Good practice in safeguarding training – NICE guide

Being a care worker can be a challenging, but rewarding job. It’s not just about providing care and support to vulnerable people, it’s also about making sure that all aspects of their safety and wellbeing are taken into consideration. That’s why it is so important to understand the importance of safeguarding adults and how to prevent, identify, and report any kind of abuse or neglect. In this blog post, we’ll discuss the role of the registered manager in safeguarding adults, how to deliver effective training to care workers, and what needs to be covered in mandatory training.

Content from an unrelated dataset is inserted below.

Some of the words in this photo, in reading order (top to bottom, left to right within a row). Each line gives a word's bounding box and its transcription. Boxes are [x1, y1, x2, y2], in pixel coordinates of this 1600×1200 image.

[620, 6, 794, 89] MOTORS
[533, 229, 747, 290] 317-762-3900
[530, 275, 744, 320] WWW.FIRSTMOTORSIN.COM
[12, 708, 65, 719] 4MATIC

Download the guide from NICE (PDF)

Safeguarding Adults: The Role of a Registered Manager

As a care worker, you know how important it is to provide the highest quality of care for your patients. But what about safeguarding them from abuse or neglect? That’s where the role of the registered manager comes in.

The registered manager ensures that all staff members receive the training on safeguarding adults, as well as monitoring their understanding of the local safeguarding policy and procedure. This is done through a combination of induction and training, as well as ongoing supervision and appraisals.

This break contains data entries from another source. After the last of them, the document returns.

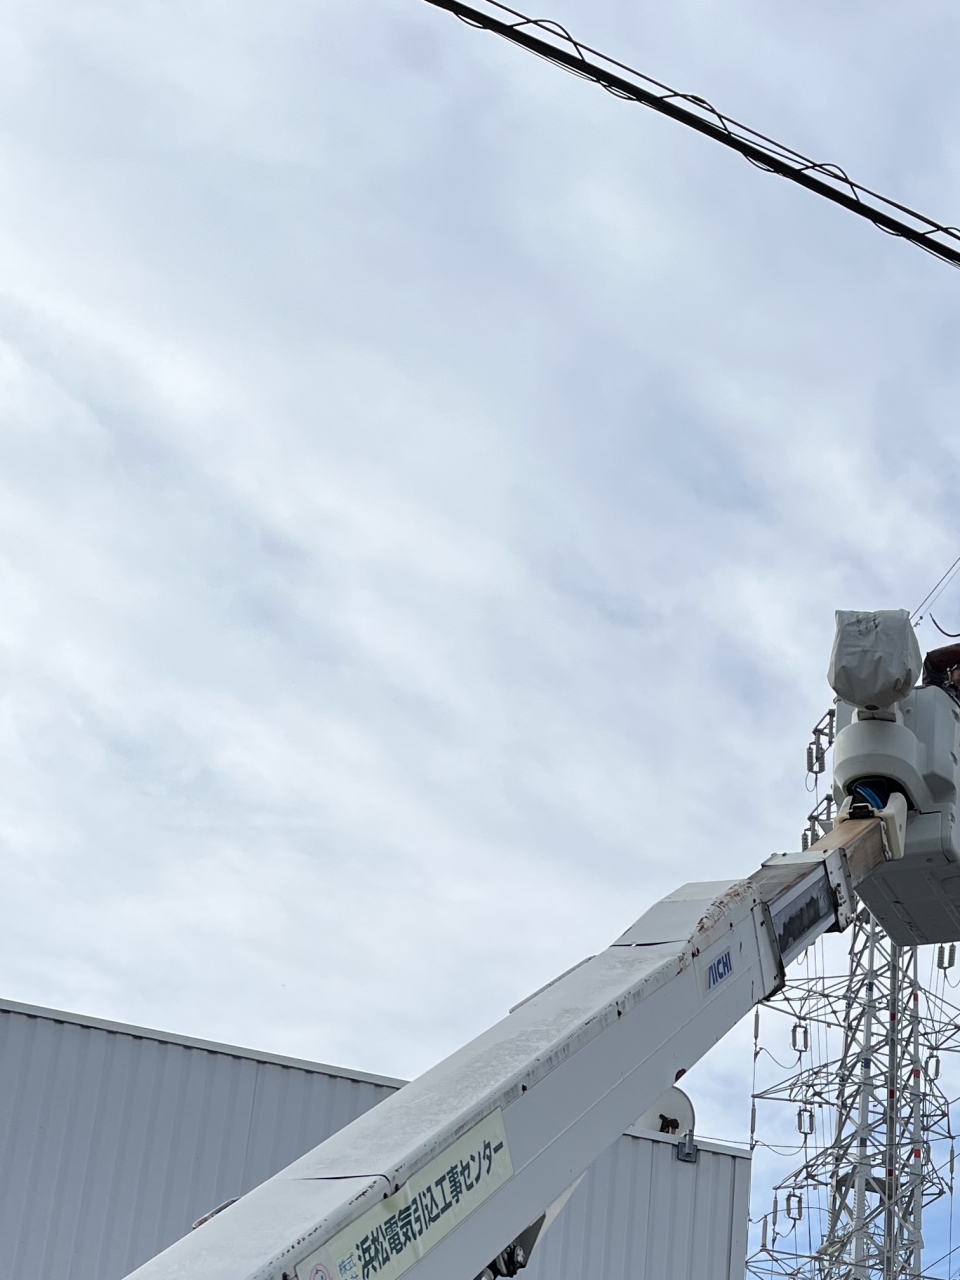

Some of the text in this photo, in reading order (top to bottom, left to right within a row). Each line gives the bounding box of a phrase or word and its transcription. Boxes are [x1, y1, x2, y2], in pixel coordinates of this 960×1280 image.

[708, 951, 733, 990] AICHI
[355, 1140, 504, 1280] 浜松電気引込工事センター
[338, 1252, 356, 1277] 株式
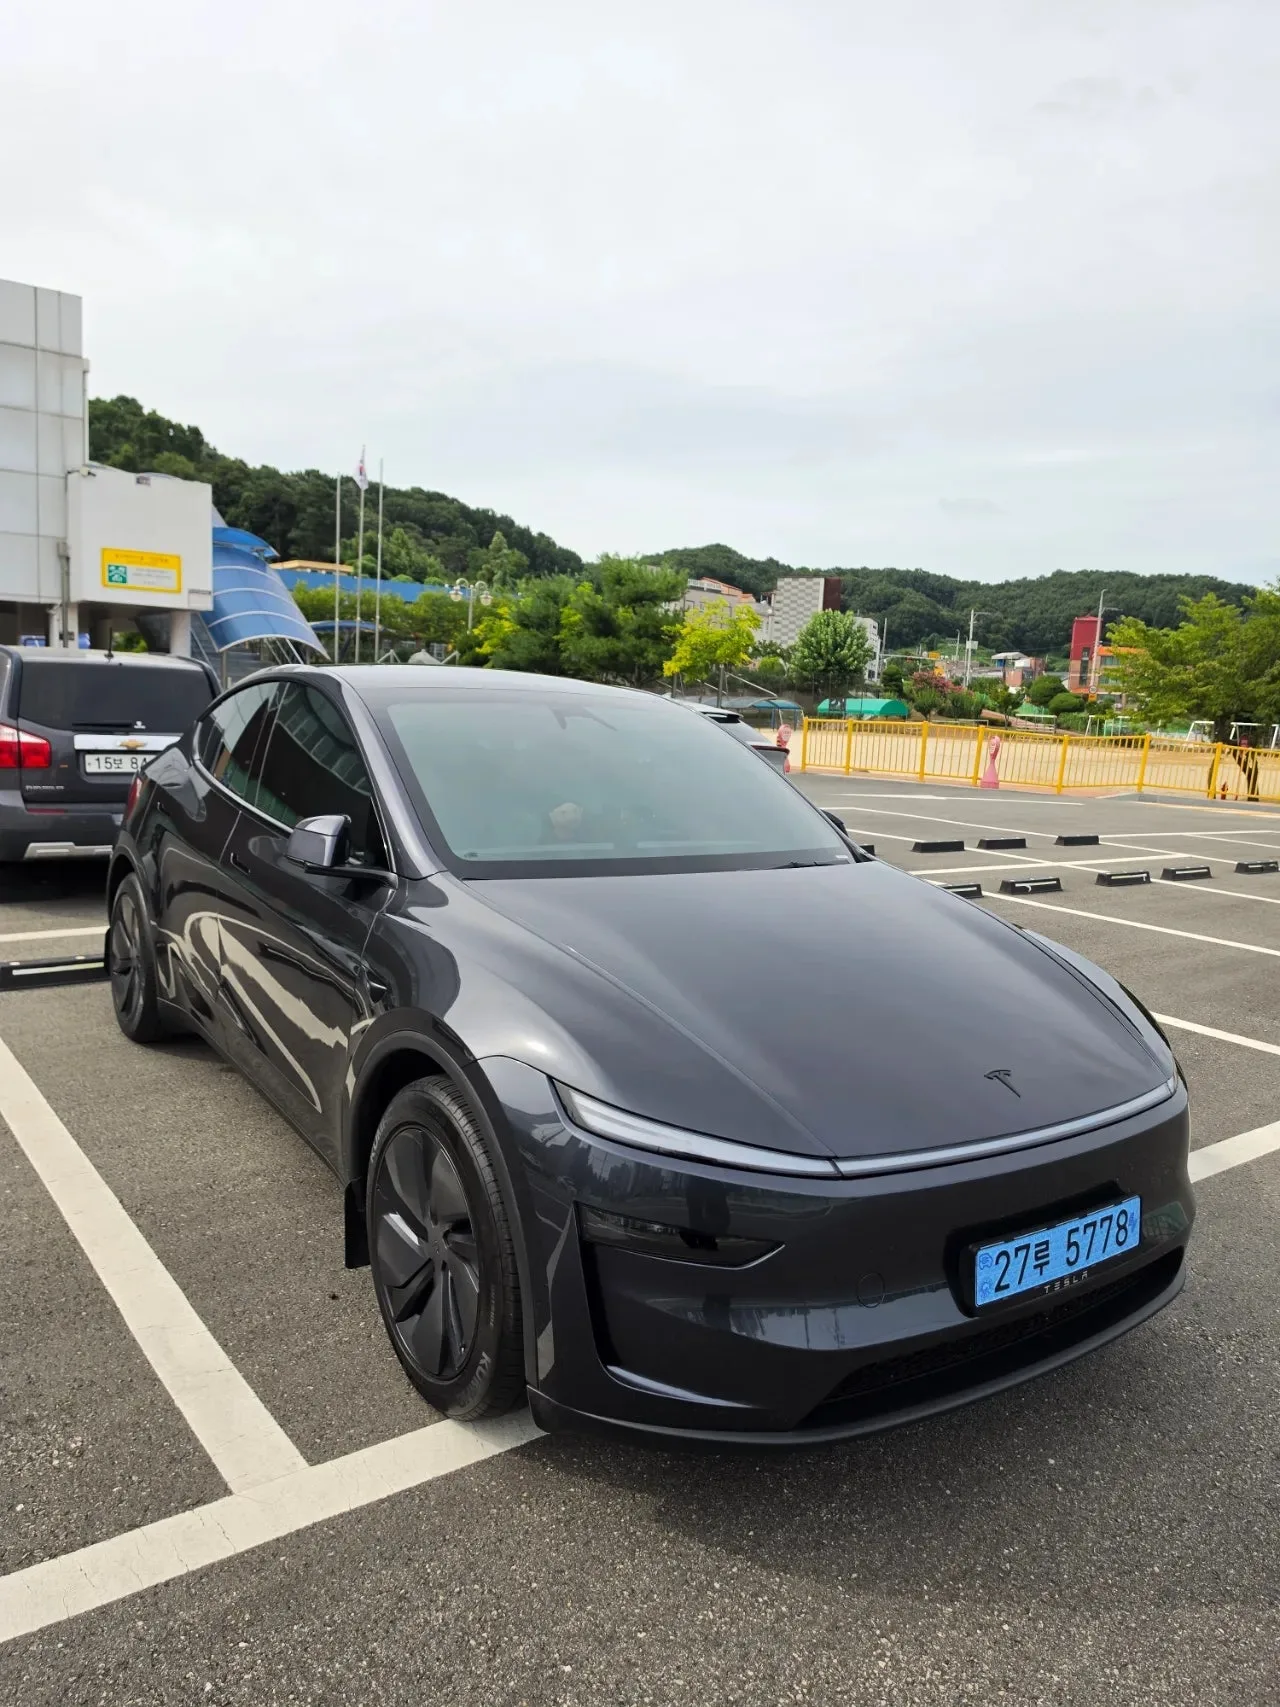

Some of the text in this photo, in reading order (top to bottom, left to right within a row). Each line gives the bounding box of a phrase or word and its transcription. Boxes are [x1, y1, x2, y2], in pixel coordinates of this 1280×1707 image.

[994, 1209, 1128, 1293] 27루 5778
[1044, 1271, 1088, 1294] TESLA

It’s important for all staff in the care home to have enough protected time for their induction and training, which should include reading and understanding the materials, as well as improving their knowledge and confidence about safeguarding. This is essential for all care workers, no matter their experience level!

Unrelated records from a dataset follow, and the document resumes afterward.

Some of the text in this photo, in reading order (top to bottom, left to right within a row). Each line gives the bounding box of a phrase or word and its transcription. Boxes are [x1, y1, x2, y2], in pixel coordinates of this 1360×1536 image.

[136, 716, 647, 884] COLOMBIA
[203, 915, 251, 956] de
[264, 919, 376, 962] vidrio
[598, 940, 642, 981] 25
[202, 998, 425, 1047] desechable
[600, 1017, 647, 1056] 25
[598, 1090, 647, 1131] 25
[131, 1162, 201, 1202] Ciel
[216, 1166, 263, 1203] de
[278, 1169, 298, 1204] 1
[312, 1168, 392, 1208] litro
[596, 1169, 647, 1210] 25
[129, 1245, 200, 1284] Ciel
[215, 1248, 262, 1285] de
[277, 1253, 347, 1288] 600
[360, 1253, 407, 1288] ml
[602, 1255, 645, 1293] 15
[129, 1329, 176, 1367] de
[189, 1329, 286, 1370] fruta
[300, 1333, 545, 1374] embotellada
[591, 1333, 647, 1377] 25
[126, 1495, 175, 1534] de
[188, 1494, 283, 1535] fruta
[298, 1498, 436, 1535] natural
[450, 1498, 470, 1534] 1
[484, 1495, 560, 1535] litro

Delivering Safeguarding Training

When delivering safeguarding training, it’s important that it’s done correctly. Providing face-to-face training wherever possible is key, although video conferencing can also be used. It’s important to make sure that the training is interactive and tailored to each individual’s role and responsibilities, as well as the needs of the people they care for.

Case studies, reflective practice, problem-solving, examples of personalised care and human rights, and recommendations from any relevant Safeguarding Adults Reviews (SARs) should all be used during learning opportunities, such as training or team meetings.

What Should Be Covered in Mandatory Training?

Mandatory training should cover a wide range of topics such as the Care Act 2014, 6 core principles of safeguarding, being open and honest when things go wrong (duty of candour), specific responsibilities and accountabilities, different abuse and neglect (including organisational abuse), poor practice vs abuse/neglect, whistleblowing policies, acting on and reporting abuse/neglect, handling evidence, raising concerns within the care home, escalation procedures, confidentiality and data protection, and duties under the Public Interest Disclosure Act 1998.

It’s also important to provide ongoing training to build upon what has been covered in the mandatory course. This could include topics such as using risk assessments in safeguarding, asking sensitively about abuse/neglect, a wide range of situations where abuse/neglect may occur, less obvious indicators, more complex safeguarding concerns, and supporting a resident through an enquiry.

Evaluating Training Impact

Finally, it is important to evaluate the impact of training by assessing changes in attitudes and behaviours during regular supervision sessions and at annual appraisals. Refresher training should also be provided where needed. By doing this, you can ensure that staff are learning from each training opportunity and applying their learning in practice.

Safeguarding adults is an incredibly important part of providing care for vulnerable people – by ensuring that all staff receive the training and support on how to identify, prevent and report any kind of abuse or neglect, you can help make sure that everyone is kept safe from harm.